Ricordate il povero Bobbitt?
Spen(n)ato dalla moglie, per rimediar conforto entrò nel business a luci rosse, dopo il tentativo chirurgico di un ‘’alzati e….’’ fa il tuo lavoro. Più o meno moscio. I miracoli, si sa, hanno destinatari incerti e spesso inconsapevoli.
La causa del miracolo, invece è sempre certa: alle nozze di Canaan il vino era finito; gli amici di Maria erano in difficoltà ospitale. Potendo, senza mesmerismi o illusionismi Rol-liani, anziché far comparire un autentico-falso Reycend, morbido di pigmenti, contestualmente (o poco prima, poco importa) stesi su tela o tavoletta, solitamente di piccola/media dimensione per poterlo immediatamente alienare a prezzo conveniente al credulone spiritato di turno o al gallerista di piazza Solferino [checché ne dica la sensitiva Spedicato, medium adorante dello spiritista], potendo acconsentire alla richiesta della Madre, il Christòs agì. Nessuna biblica descrizione supera l’emozione poetica che Stefano Jacomuzzi insegnava al liceo San Giuseppe, a Torino: ‘’E l’acqua, davanti al Dio, arrossì’’.

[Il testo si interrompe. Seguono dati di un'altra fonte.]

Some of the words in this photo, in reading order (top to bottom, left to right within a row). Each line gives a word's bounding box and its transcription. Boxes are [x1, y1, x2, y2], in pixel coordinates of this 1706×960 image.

Il “miracolo” è un evento ‘am-mir-evole’, che va contro le leggi (conosciute!) di natura. Si racconta che marinai in una bettola del porto di Newark raccontassero loro storie di eventi sovrannaturali che rafforzavano le loro superstizioni. Il francese si riteneva miracolato perché il maestrale che aveva spezzato l’albero di maestra, pregando il Dio cristiano, era subito cessato, salvandolo. Il cinese, salito sul tetto della casa per l’alluvione del Fiume giallo, pregando Ch’en Hsu, divinità dei Fiumi e Ynglong il drago alato divinità della pioggia, fece terminare temporale ed esondazione.

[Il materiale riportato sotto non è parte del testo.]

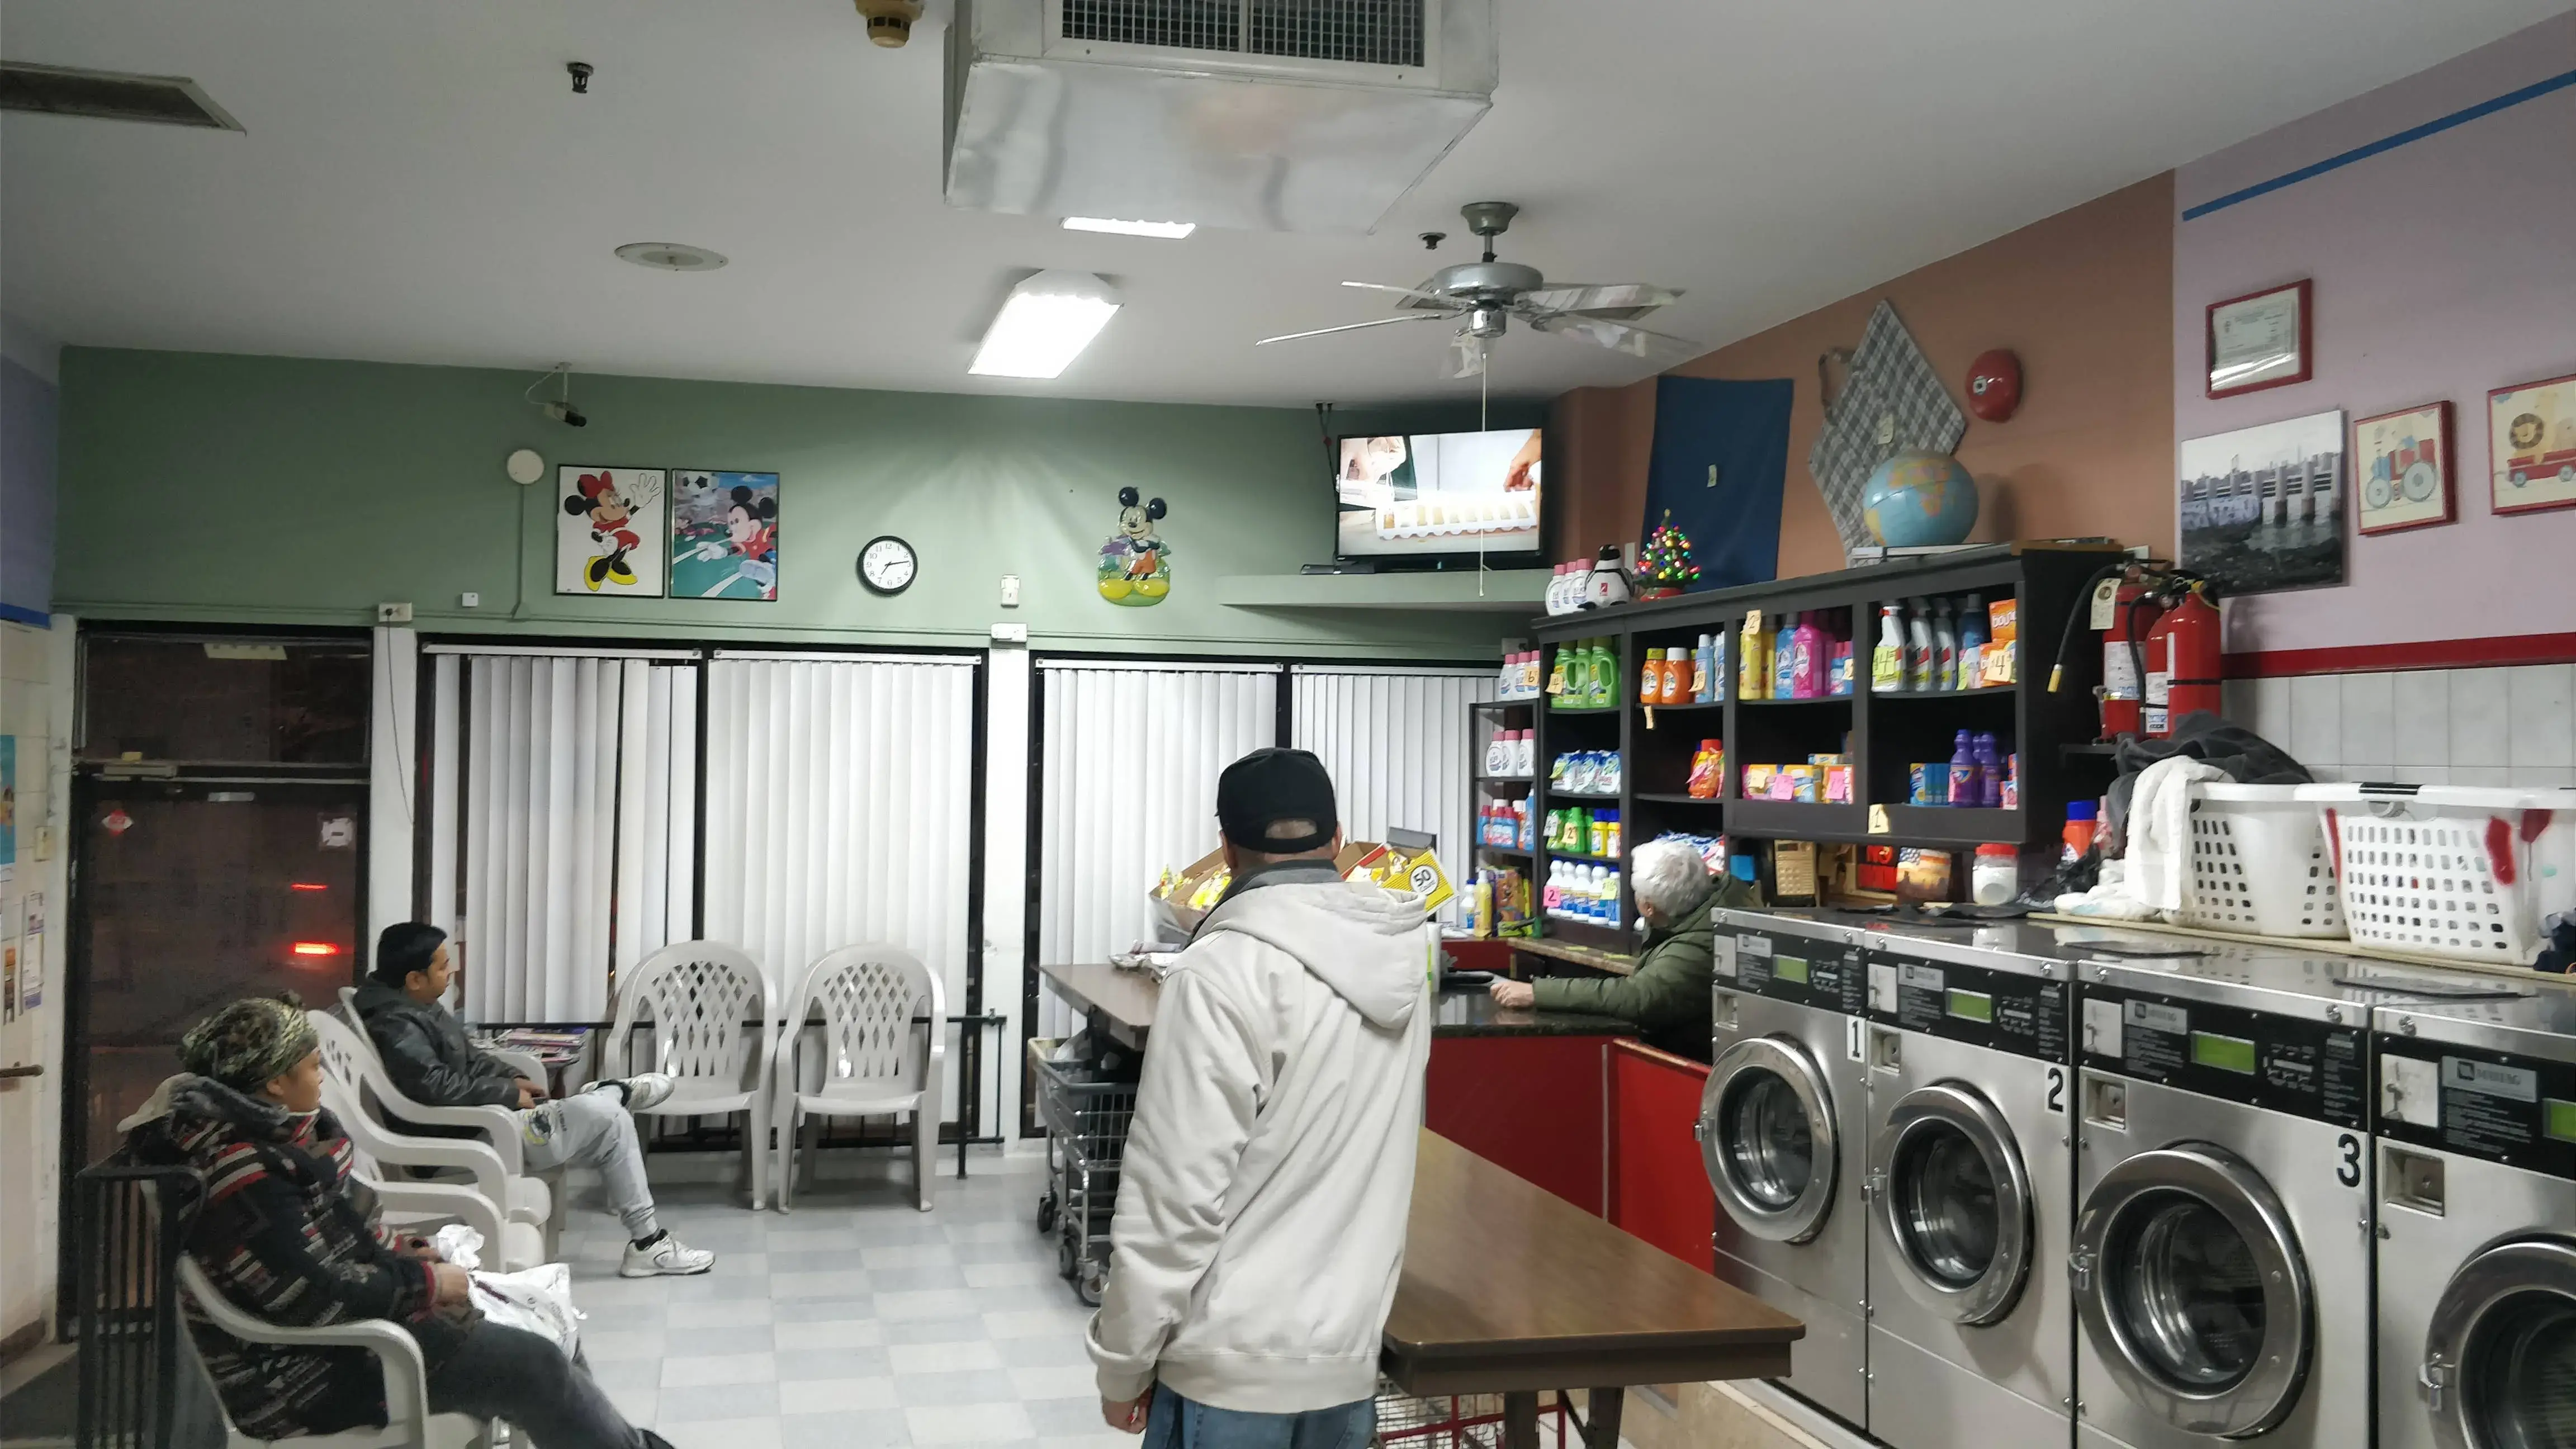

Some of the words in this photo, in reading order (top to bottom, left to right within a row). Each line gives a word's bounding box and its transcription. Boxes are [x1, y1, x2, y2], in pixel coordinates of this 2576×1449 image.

[1413, 869, 1431, 887] 50
[1548, 889, 1557, 901] 2
[1852, 1020, 1860, 1058] 1
[2048, 1067, 2063, 1112] 2
[2337, 1133, 2360, 1187] 3

Il carovaniere Tuareg pregando Allah e coprendosi col caffetano si salvò dalla tempesta del ghibli, mentre i cammelli fuggivano dispersi nel Sahara…. ‘’Ma questi non sono miracoli’’, sospirò Aaron, cameriere a New York. ‘’Tutti questi sono eventi naturali che hanno un inizio ed una fine; la fine benevola è solo una coincidenza. Un miracolo va contro tutte le leggi naturali; a mè si, che è capitato un miracolo: era sabato, tornavo dalla Sinagoga. Giro l’angolo della Quinta Strada e inciampo in un portafoglio gonfio, pieno zeppo di bigliettoni verdi. Oh, my God! Noi ebrei ortodossi haredim, al sabato non possiamo toccare il denaro. Allora sapete che cosa ho fatto? Mi sono inginocchiato e ho pregato, ho pregato intensamente Javèh, e, ci credereste? Tutto intorno era sabato, ma lì sull’angolo del marciapiede era già domenica. Questo sì che è un miracolo!’’.

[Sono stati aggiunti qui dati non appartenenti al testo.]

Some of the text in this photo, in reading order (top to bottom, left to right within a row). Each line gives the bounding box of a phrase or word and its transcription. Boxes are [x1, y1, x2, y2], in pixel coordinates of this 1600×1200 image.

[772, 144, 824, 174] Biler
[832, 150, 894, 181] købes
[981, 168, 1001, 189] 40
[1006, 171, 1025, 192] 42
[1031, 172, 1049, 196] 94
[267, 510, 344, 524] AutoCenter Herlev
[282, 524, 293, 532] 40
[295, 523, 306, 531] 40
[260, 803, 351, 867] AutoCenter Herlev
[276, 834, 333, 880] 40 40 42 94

Uno degli autori assistette, con uno scomparso ma indimenticato amico, ad un ricevimento in Tunisi in onore di un cugino reale saudita del regno hashemita del Hijaz, affetto da cecità. Curioso, per noi blasfemi materialisti, non tanto l’eunuco a braccia conserte che impediva al volgo di rivolgersi alla bionda, bellissima, giovanissima, nuova ulteriore sposa del principe, quanto la sfilata di bicchieri con un dito (orizzontale) di Coca Cola, sul tavolo delle bevande. L’alcool è bevanda proibita: ma se il whisky va nella Coca Cola, quale dio può riconoscerlo? Miracolo.
Peraltro, il miracolo talora richiede decisioni brutali o conoscenze alchemiche sconosciute, come il solfuro ferroso che liquefa con scuotimenti o batteriologiche, come le colonie di Serratia marcescens che secernono prodigiosina, un pigmento rosso, talora ‘lacrimevole come sangue’.
Chiudiamo il cerchio: l’esplosione del petardo tra le gambe del giovane improvvido festaiolo, sprovveduto e sfortunato, con conseguente necessità di decisioni brutali, che danneggiano anche la fidanzata. Recita la stampa: ‘’I medici hanno capito subito la gravità esplosiva della situazione del ragazzo, a cui sono stati costretti a tagliare i genitali per salvargli la vita.’’
Il miracolo sarebbe un futuro da voce bianca nel coro della RAI.